▶ _Required action_:
Line by line, set down all the data below exactly, omitting any picture.

▶ _Available records_:
************

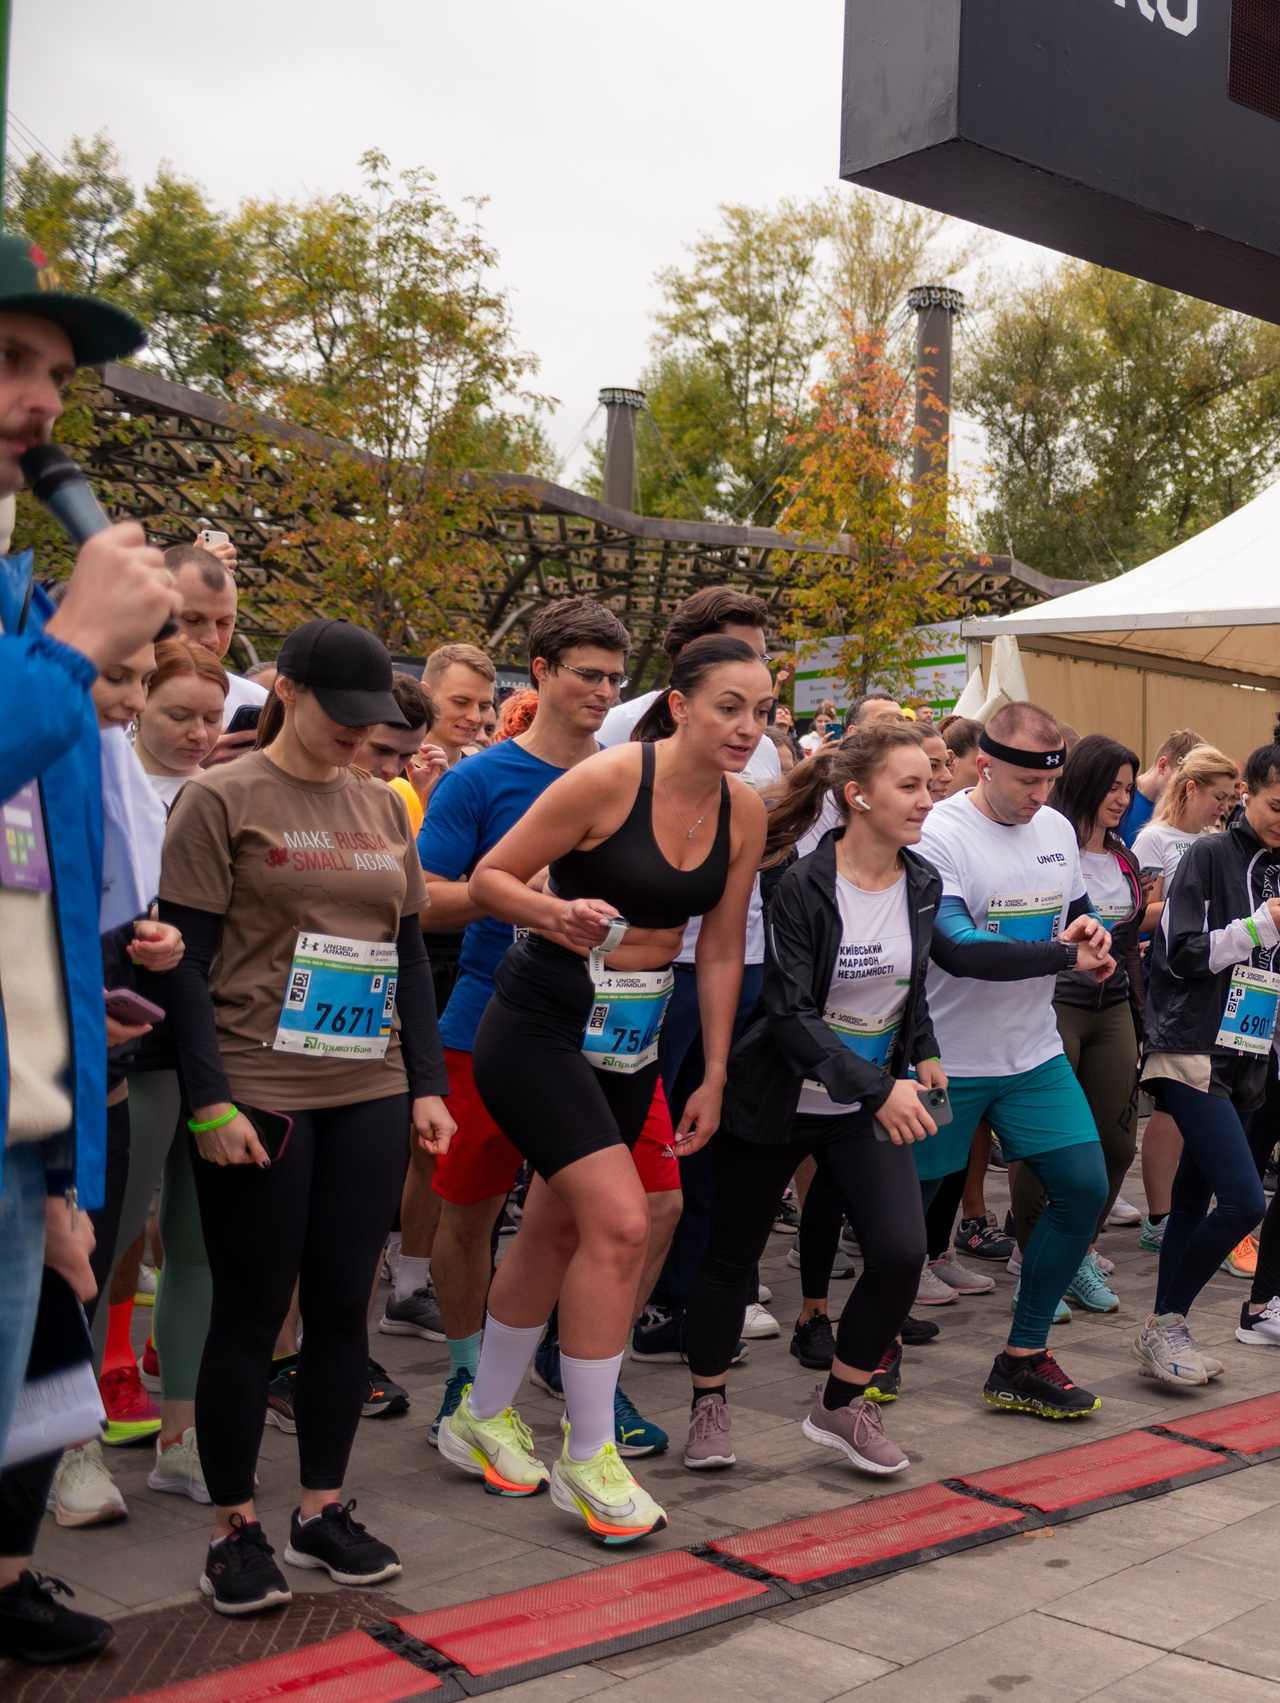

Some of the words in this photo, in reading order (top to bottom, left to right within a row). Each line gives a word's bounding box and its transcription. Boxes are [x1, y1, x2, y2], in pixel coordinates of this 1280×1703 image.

[283, 831, 335, 848] MAKE
[333, 831, 390, 851] RUSSIA
[291, 851, 353, 871] SMALL
[353, 853, 401, 872] AGAIN
[1036, 853, 1065, 864] UNITED
[322, 948, 359, 958] ARMOUR
[323, 943, 354, 952] UNDER
[840, 942, 883, 955] КИЇВСЬКИЙ
[839, 957, 879, 968] МАРАФОН
[837, 965, 894, 979] НЕЗЛАМНОСТІ
[1236, 988, 1243, 997] B
[313, 1002, 374, 1034] 7671
[1240, 1014, 1270, 1037] 6901
[317, 1041, 373, 1054] ПриватБанк

************

▶ _Task solution_:
Some of the words in this photo, in reading order (top to bottom, left to right within a row). Each line gives a word's bounding box and its transcription. Boxes are [x1, y1, x2, y2], in pixel coordinates of this 1280×1703 image.

[283, 831, 335, 848] MAKE
[333, 831, 390, 851] RUSSIA
[291, 851, 353, 871] SMALL
[353, 853, 401, 872] AGAIN
[1036, 853, 1065, 864] UNITED
[322, 948, 359, 958] ARMOUR
[323, 943, 354, 952] UNDER
[840, 942, 883, 955] КИЇВСЬКИЙ
[839, 957, 879, 968] МАРАФОН
[837, 965, 894, 979] НЕЗЛАМНОСТІ
[1236, 988, 1243, 997] B
[313, 1002, 374, 1034] 7671
[1240, 1014, 1270, 1037] 6901
[317, 1041, 373, 1054] ПриватБанк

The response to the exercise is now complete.